Responding to an on-line opinion page invitation about the hypocrisy that hunters sometimes face, I decided to outline my own progression of the controversial activity beginning in my Iowa boyhood.  
 
When I was about eleven years old, I hunted Norway rats that frequented the railroad tracks by the thousands near my east Des Moines neighborhood. In the shadow of towering grain elevators, my Fox terrier, ‘Bridget,’ and I valiantly tried to reduce their population every Saturday morning whenever possible. I routed them out from under giant sheets of wire-reinforced cardboard boxcar liners lying about in the grass, as one after another, Bridget snapped their backs and shook them until they didn’t move. Despite their apparent suffering, no one criticized us for doing that, strangely.
  
Around age twelve or thirteen, I progressed to shooting pigeons on my sister’s farm in Dallas County, Iowa with my Daisy pump action BB gun. Although they all didn’t go to waste, (think: roasted squab) shooting them saddened my sister; whereas wringing the necks of dozens of chickens just had to be done. 
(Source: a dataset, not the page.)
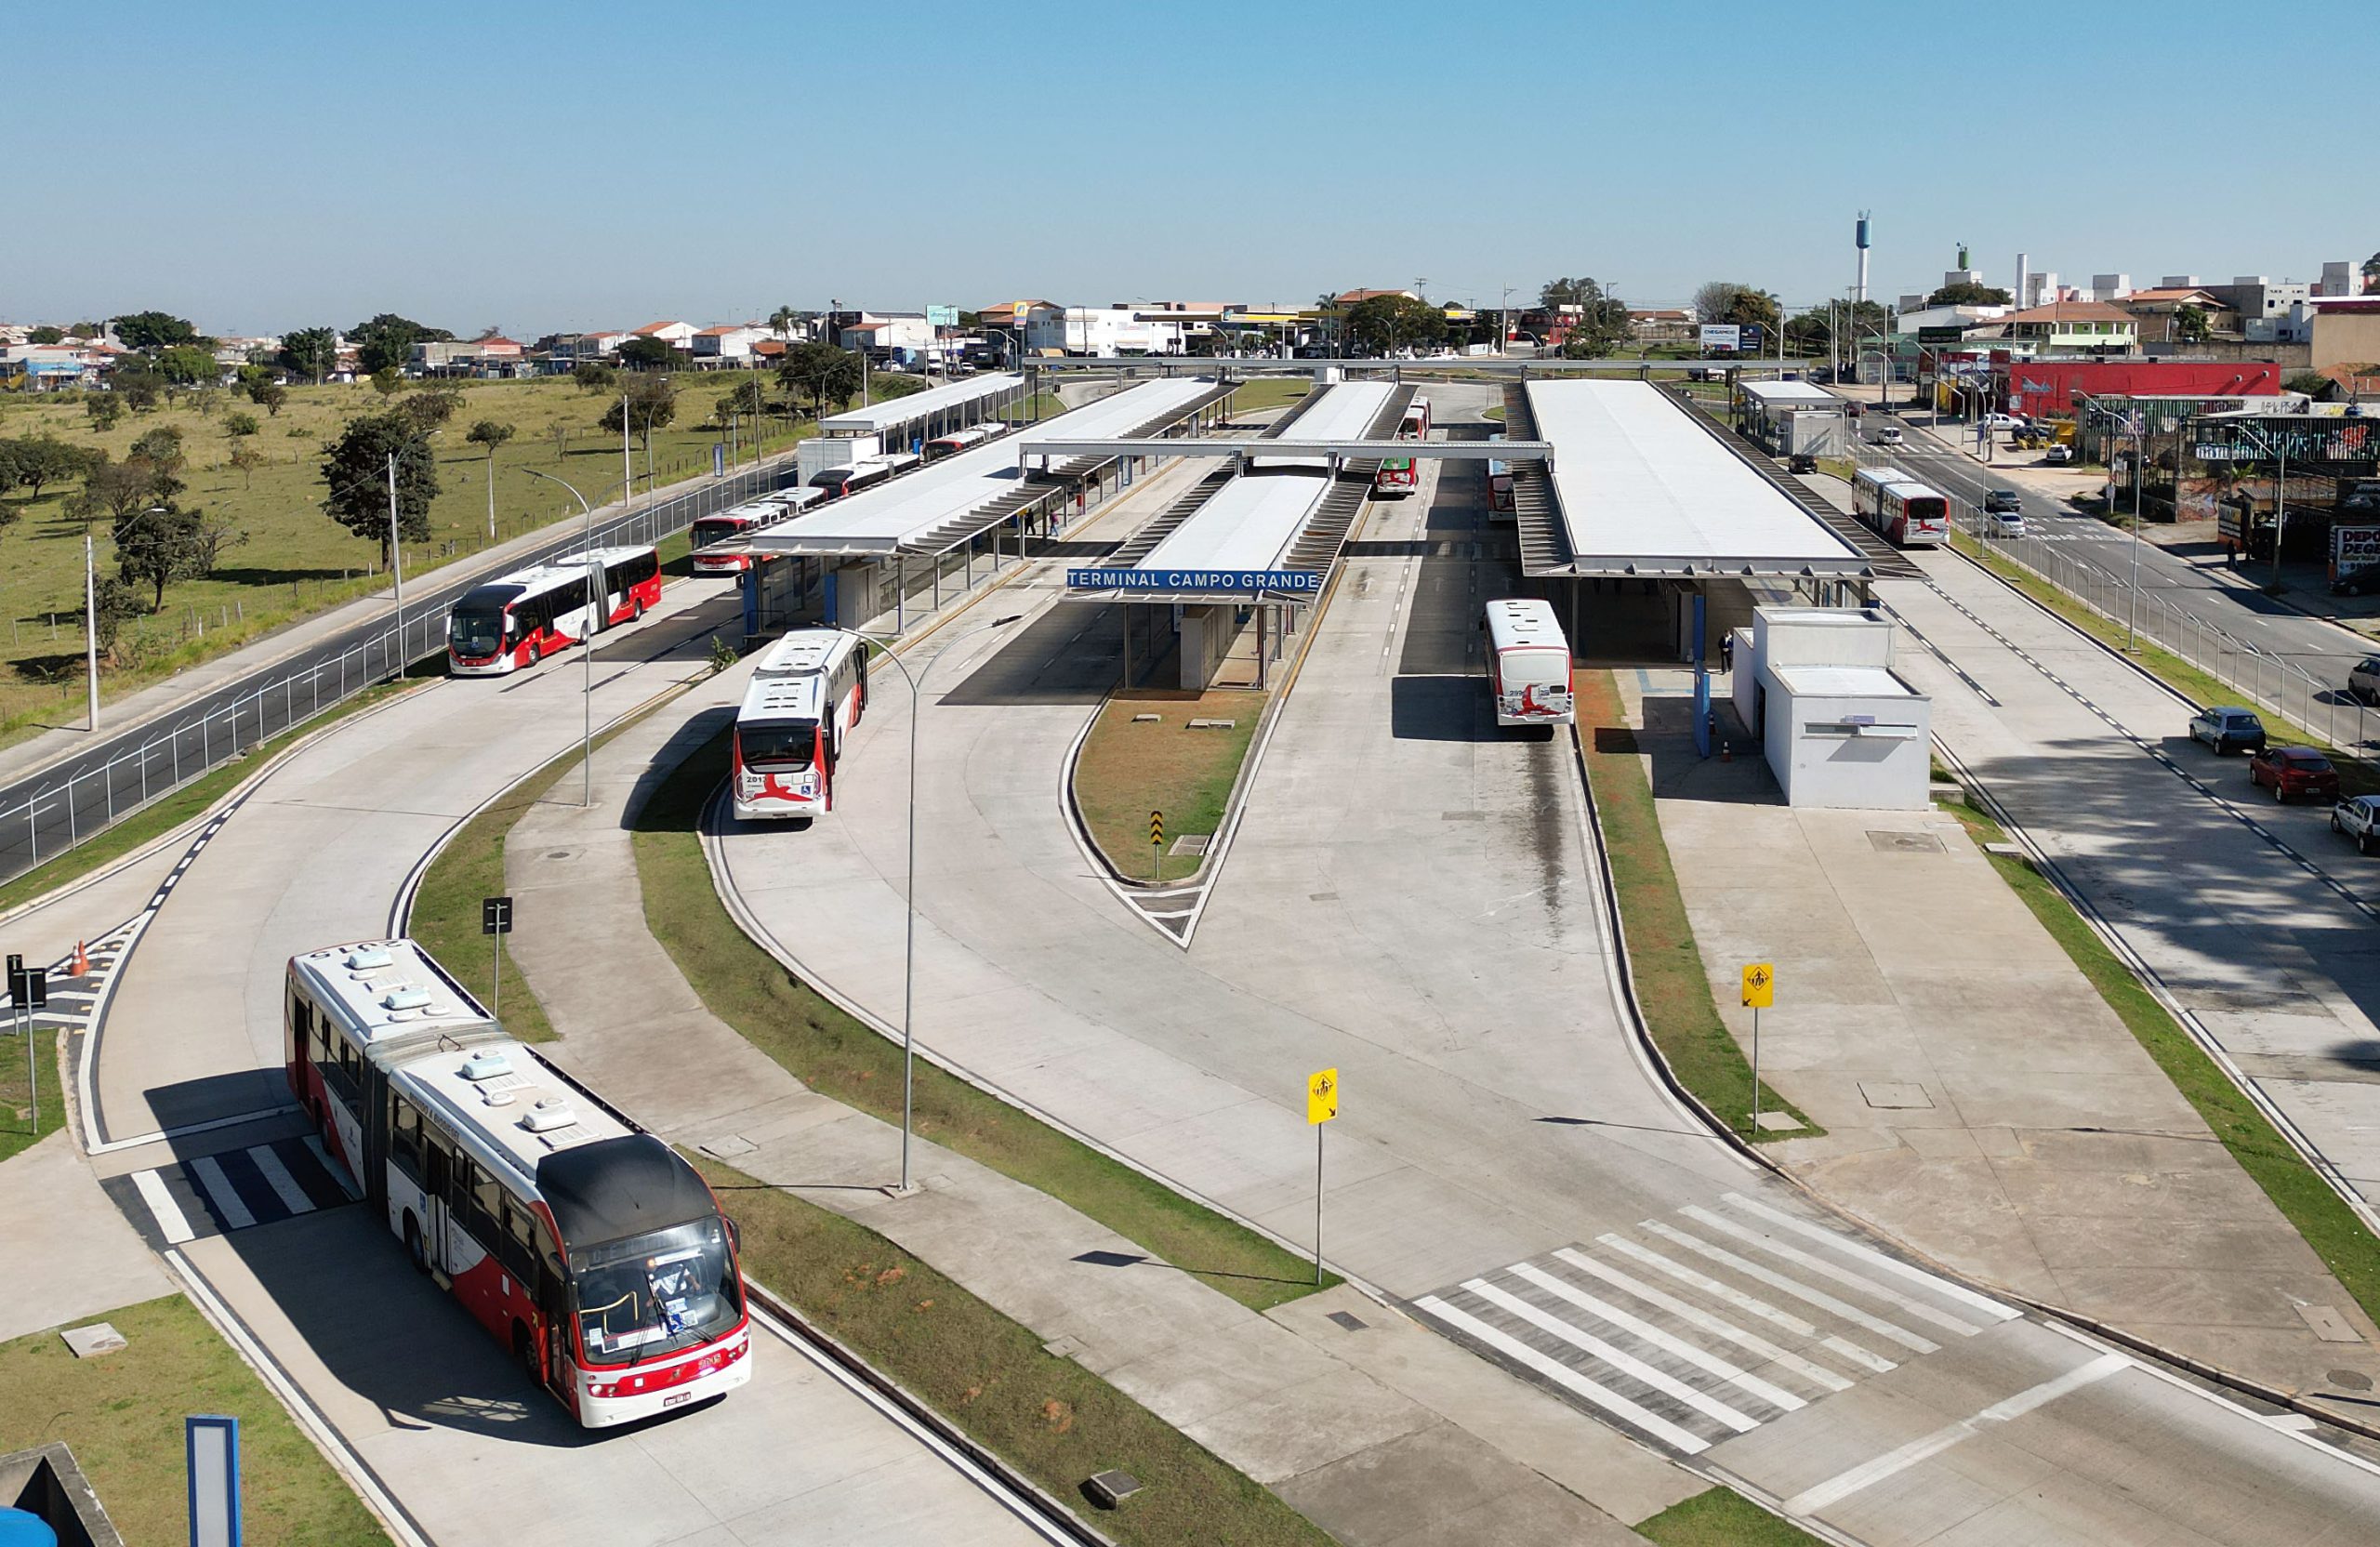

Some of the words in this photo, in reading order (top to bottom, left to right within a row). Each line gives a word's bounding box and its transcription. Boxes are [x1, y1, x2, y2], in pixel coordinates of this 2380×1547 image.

[1068, 572, 1159, 587] TERMINAL
[1169, 573, 1235, 588] CAMPO
[1241, 573, 1318, 589] GRANDE
In my early teens, upon instruction by an older cousin, I graduated to hunting small game such as squirrels, rabbits, and pheasants using a 22-cal rifle, and a single-shot 20-gauge shotgun. He taught me how to fish in Iowa rivers, ponds, and lakes to my mother’s delight, because she was raised on fish and wild game in Roseau County, Minnesota in the early 1900s. Although I never knew if she hunted deer specifically, I know she trapped fur bearers, like skunks, coyotes, and fox for spending money.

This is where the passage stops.